At the beginning of October, Honda shocked the world of Formula 1 by announcing its decision to quit the sport at the end of 2021. Currently, it supplies a pair of teams-Red Bull Racing and Alpha Tauri-both owned by the Red Bull energy drinks company. Red Bull now has to find a replacement supplier for the fiendishly expensive, insanely complicated hybrid powertrains required by the rules. And it, too, might quit the sport in 2022 if it can't do that to its satisfaction, a warning issued this week by Red Bull's sporting director, Helmut Marko. So what the heck is going on?

F1's hybrid era

The first F1 cars to add an electric motor to their internal combustion engine powertrains took to the track in 2009. These were 80hp (60kW) motor-generator units (MGUs) that could recover kinetic energy from the rear wheels under braking and return it to those same wheels for short bursts of additional power during a lap. However, only four teams adopted this idea-called KERS, for kinetic energy recovery system-during the year, and it was abandoned by mutual consent at the end of that season.
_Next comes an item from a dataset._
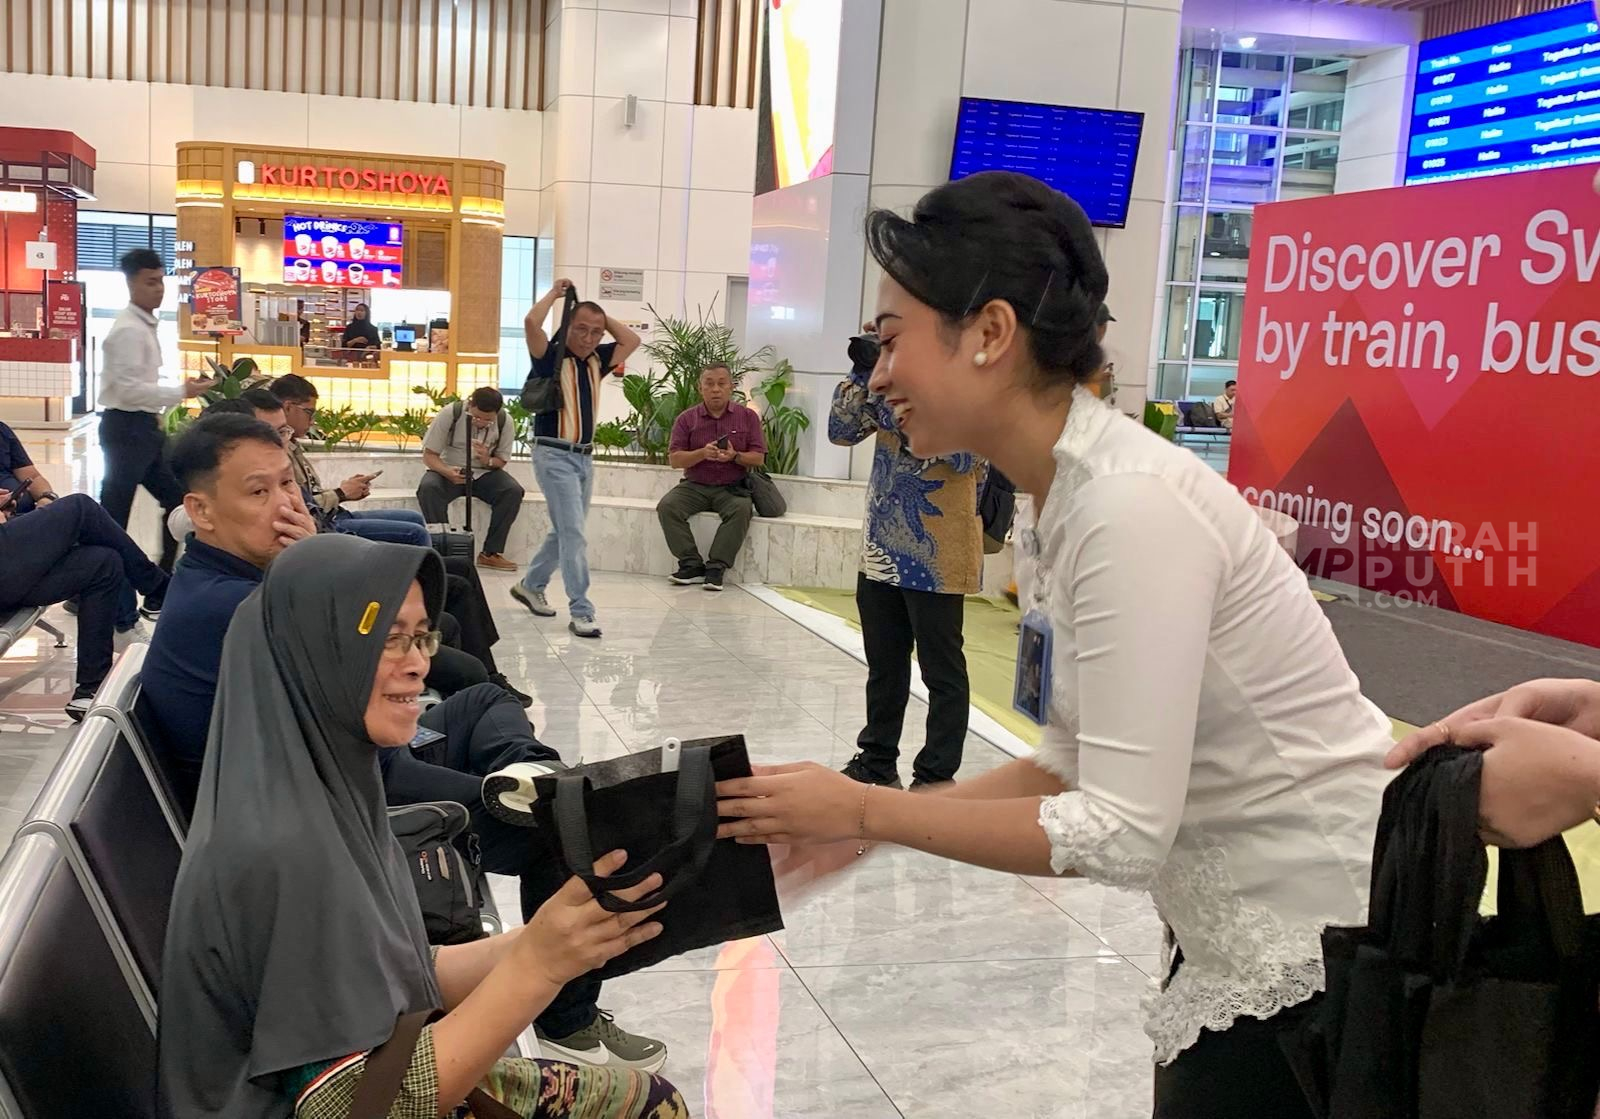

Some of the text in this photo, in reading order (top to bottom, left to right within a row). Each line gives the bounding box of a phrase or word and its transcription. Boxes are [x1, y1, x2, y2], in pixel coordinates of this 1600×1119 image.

[260, 163, 450, 196] KURTOSHOYA
[1263, 231, 1502, 293] Discover
[1255, 302, 1600, 383] by train, bus
[1242, 484, 1353, 544] coming
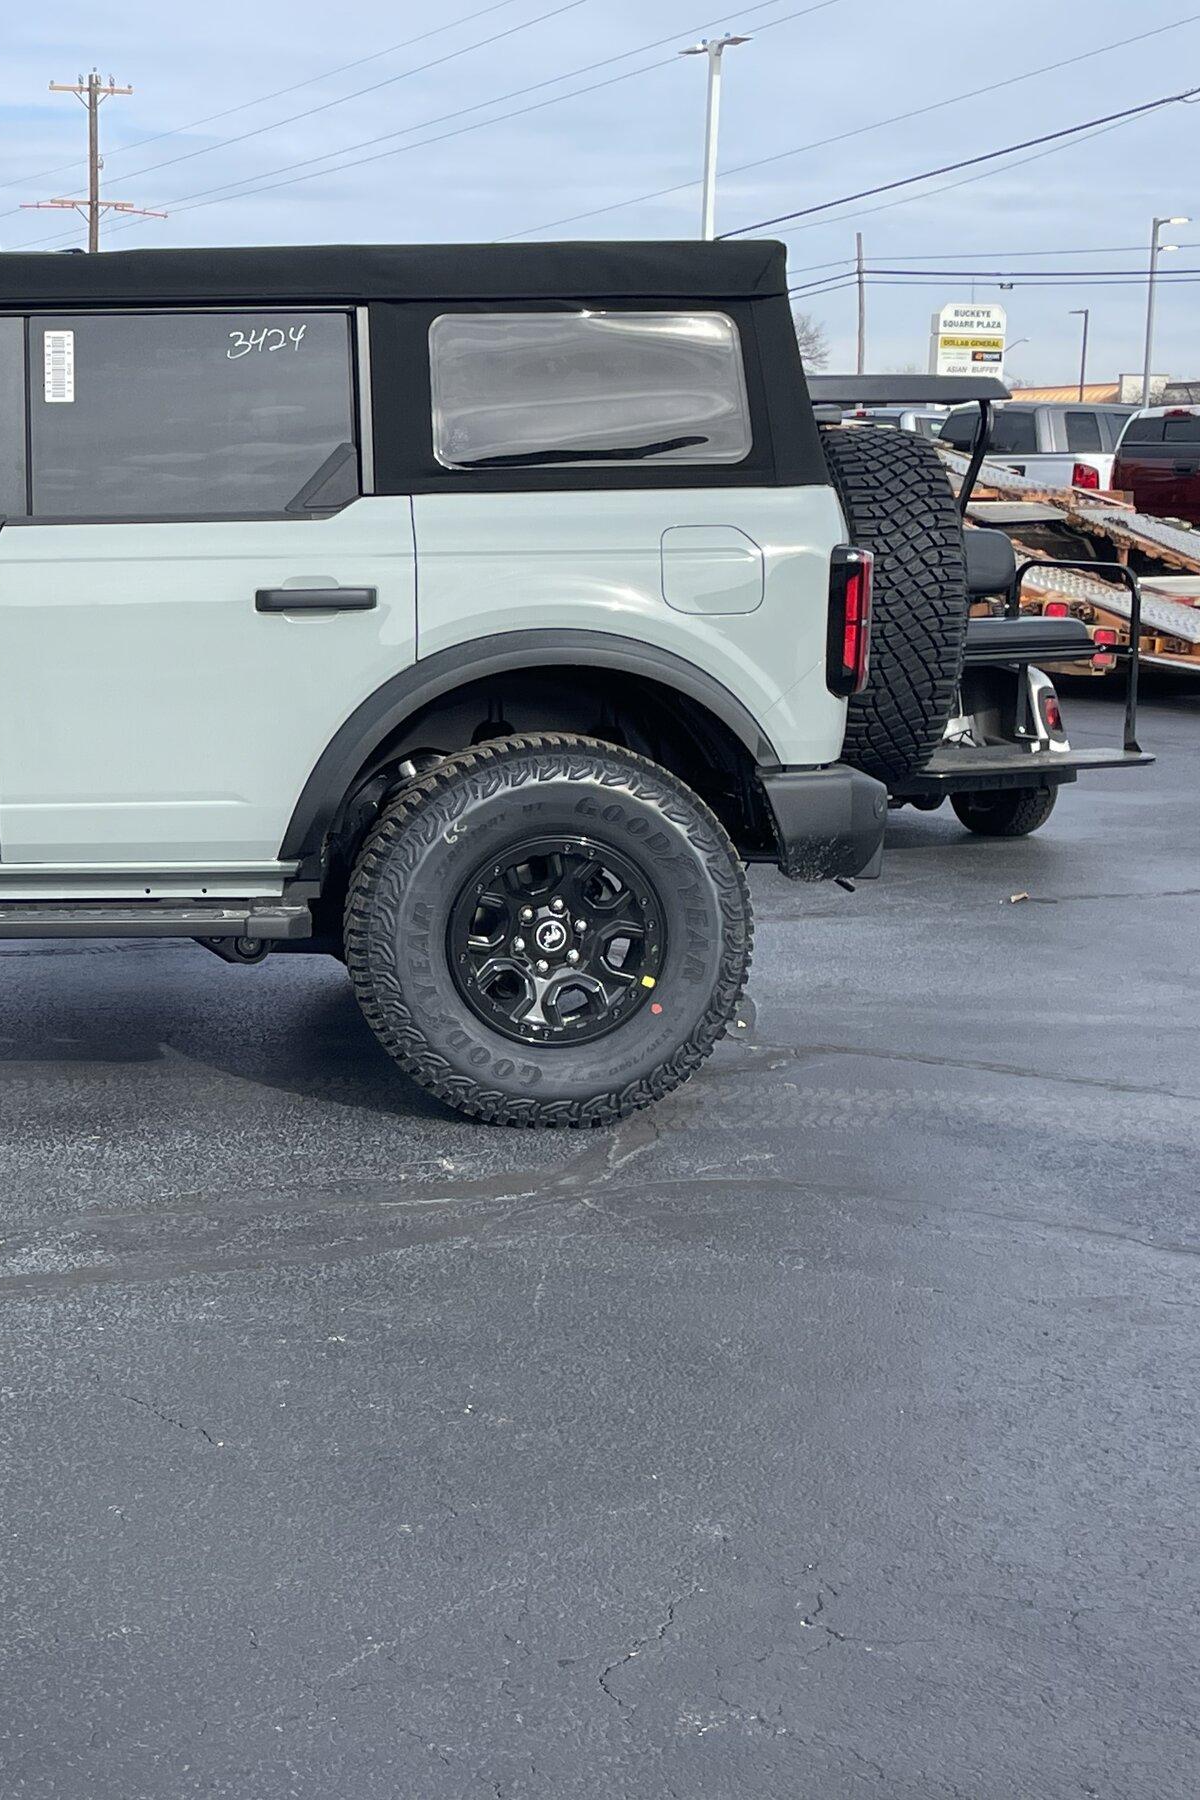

In 2014, the sport adopted its current technical ruleset. The old naturally aspirated 2.4L V8 engines were replaced by new 1.6L turbocharged V6s, now with two mandatory hybrid elements to the power train. In place of KERS, there was an MGU-K (for kinetic), and a new MGU-H (for heat), which captured or deployed energy to the engine's turbocharger. The new powertrains are hugely powerful, reaching around 1,000hp (746kW) in qualifying trim last year. And they use less fuel than ever: since this article was written in 2016, the V6es have actually now exceeded 50-percent thermal efficiency.